陆舜教授:刚才张教授第一个强调了有不同的检测平台和不同的抗体,PD-L1检测主要有两个平台,一个是Dako,一个Ventana。国际肺癌研究会启动的Blueprint的研究当发现Atezo使用的抗体(SP142),不仅检测肿瘤细胞,也可以检测淋巴细胞,其敏感性相对略低于其他三种抗体。但是在Blueprint2研究中,美国加入了第五种抗体,其敏感性更高,但目前未完全应用于国内研究中。那么PD-L1检测到底应该如何做?首先我们必须以临床数据为基础,结合临床试验。刚才张教授提到的keynote-024的研究中首先确定的伴随诊断是Pembrolizumab对应的抗体,这个是被批准的,当然其他的只是跟它一致性的研究。在我们国内,病理学家在步宏校长的带领下,也正在做优化的流程,相信今年随着这一类药物在中国的批准,病理检测会更好地跟中国的临床试验的数据结合在一起,给病人真正带来它的获益。
胡洁教授:谢谢陆教授,其实陆教授提到非常好的点,中国有患者参与全球的临床研究,但是我们缺少中国真正的数据,所以我想接下去的问题想请教张教授,那您觉得在中国患者人群里面PD-L1的表达的状态与西方国家人群是有差异吗?
张力教授:这也是一个非常好的问题,这需要分子流行病学调查,现在也有企业在亚洲发起了一项研究,探索中国PD-L1高表达人群占多少,因为这会影响我们将来做临床决策,如果占的比例很低,未来检测的意义就不大,我们需要更侧重于联合治疗;但是如果占的比例比较高,精准检测就可能帮助病人受益,我觉得这个是非常重要的。

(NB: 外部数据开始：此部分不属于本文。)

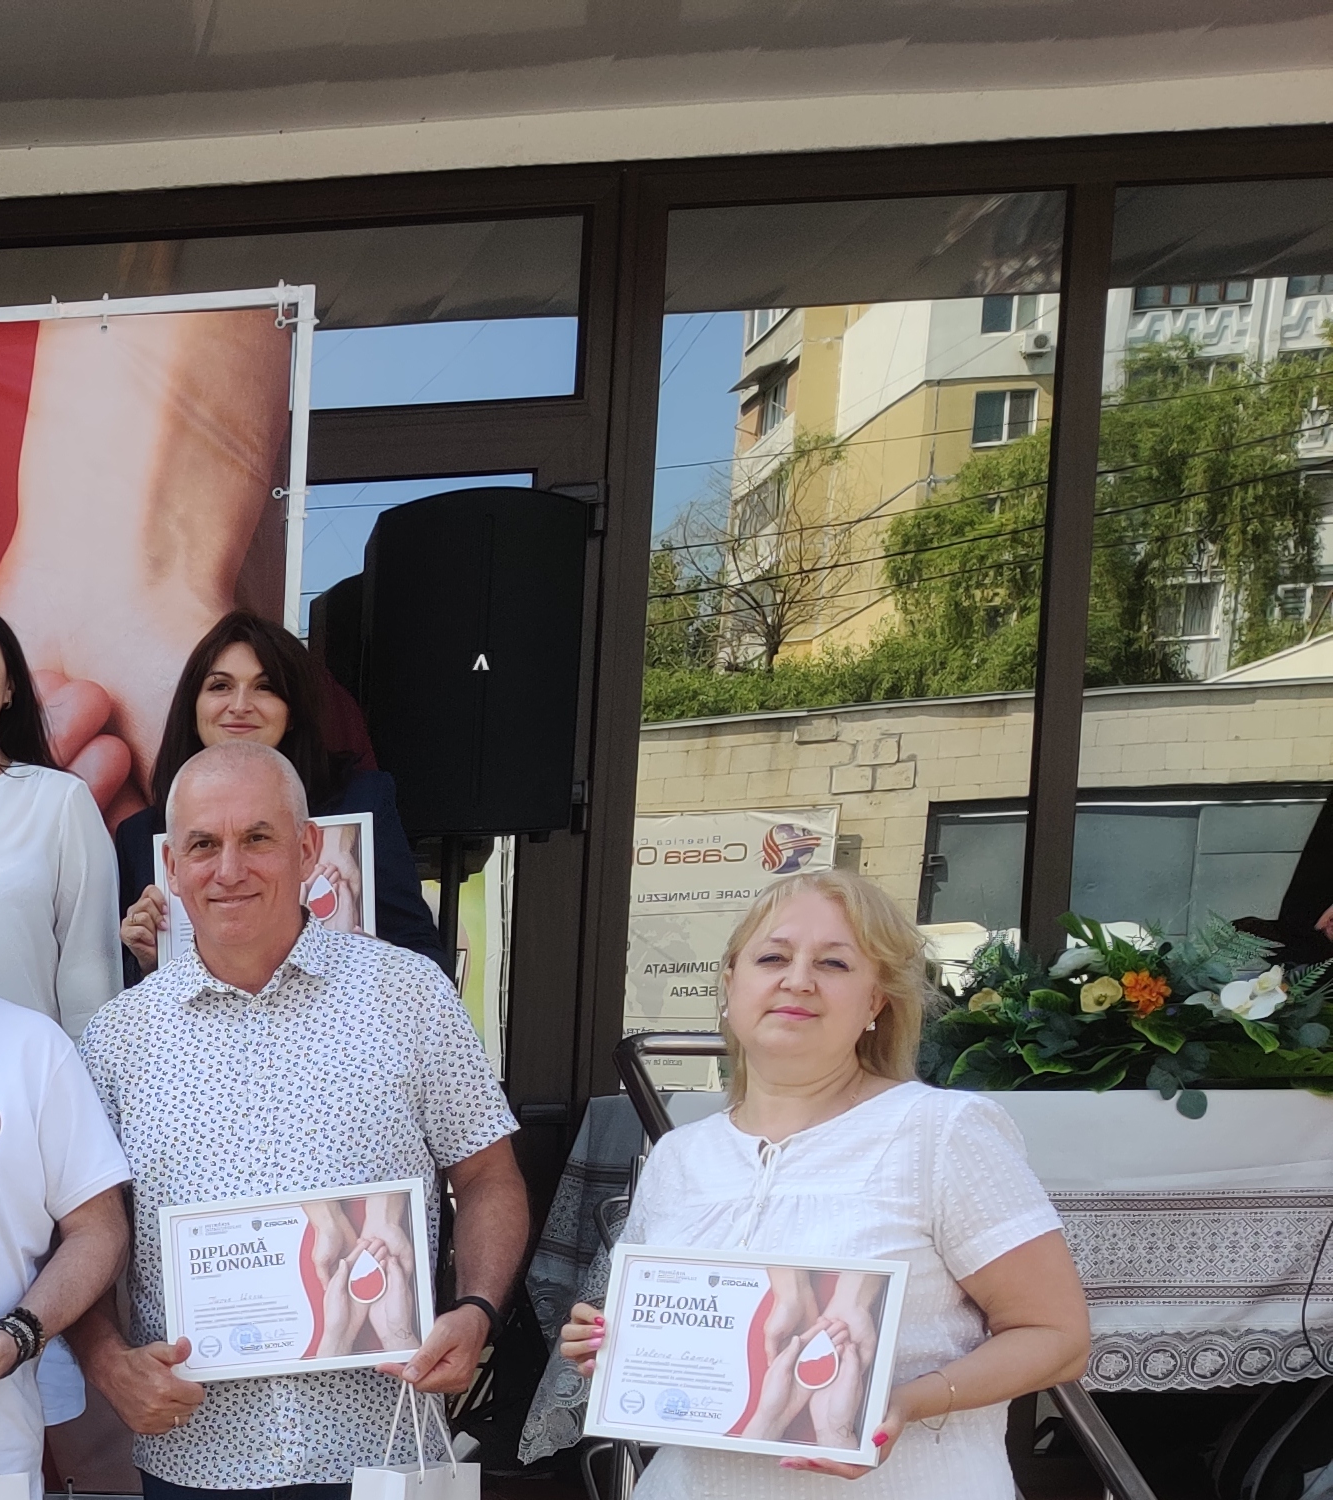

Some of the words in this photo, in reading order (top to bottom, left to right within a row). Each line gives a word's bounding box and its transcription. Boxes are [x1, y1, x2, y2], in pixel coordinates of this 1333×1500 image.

胡洁教授:陆教授,未来在临床中我们究竟是该选择一个抗体进行染色,还是应该同时选多个抗体染色?若选择多个抗体染色,应该以表达成都最高者进行药物选择,还是以表达成都最低者为标准?
陆舜教授:临床实践中,我们选择过多的抗体不切合实际,因此我们需要做好一致性研究,选择结果可以相互论证抗体,这样一个抗体就解决问题。我们不但要测PD1,我们还要测包括TMB在内的其他的指标,因此患者的组织标本是比较珍贵的。所以我个人认为PD-L1的检测,只要找到一个抗体,就可以解决这个问题,当然最好在临床试验中有数据结果印证,且操作简单便于平台的推广。这样可以使病人免于二次活检、二次检测。
胡洁教授:看来我们中国人自己的数据非常重要,目前PD-L1的表达状态对一线治疗选择有一定的指导意义,请两位教授给临床医生一些指导性的意见,对于PD-L1表达超过50%、 介于1-49%之间以及表达阴性的患者,如何进行一线治疗的选择呢?
张力教授:从临床试验结果中我们可以看到,起码在Pembrolizumab的一线治疗中,PD-L1的检测是非常重要的。Nivolumab和Pembrolizumab批准用于二线治疗后,这个检测就没那么重要了。
陆舜教授:非常同意张教授刚才的说法,我们首先要分一线和二线。一线治疗中,我们已经有足够的证据证明对于PD-L1≥50%的患者而言Pembrolizumab单药是一个很好的选择。对于PD-L1表达介于1-49%的人群,我们应采用keynote189的战略,应给与化疗加上Pembrolizumab;对于PD-L1表达小于1%的人群,根据checkmate027的结果,应将TMB作为另外一个biomaker,对于PD-L1低表达、但是高TMB人群,我们也有证据表明ipilimumab联合nivolumab能够带来生存获益。现在一线免疫治疗越来越细化了,二线治疗方面,研究结果表明,相当广泛的人群中PD-L1单抗二线疗效好于化疗,活检并不完全代表肿瘤整体,PD-L1表达阴性的人群在二线治疗中仍能获益,所以对初治病人和复治病人要区别对待,这是我们检测的价值。
胡洁教授:非常感谢陆教授跟张教授,给我们在座各位临床医生在PD-L1检测和免疫治疗方面提了非常好的建议,做了非常深入的解读,相信免疫治疗会有更多biomaker,目前PD-L1是相对成熟的指标之一。我们需要有中国人自己的数据和国内自己开展的一致性临床研究,帮助我们选择不同的免疫治疗药物;同时对于不同的患者,治疗抉择也需要更加精准、个体化,我们今天采访就到这里,谢谢两位教授。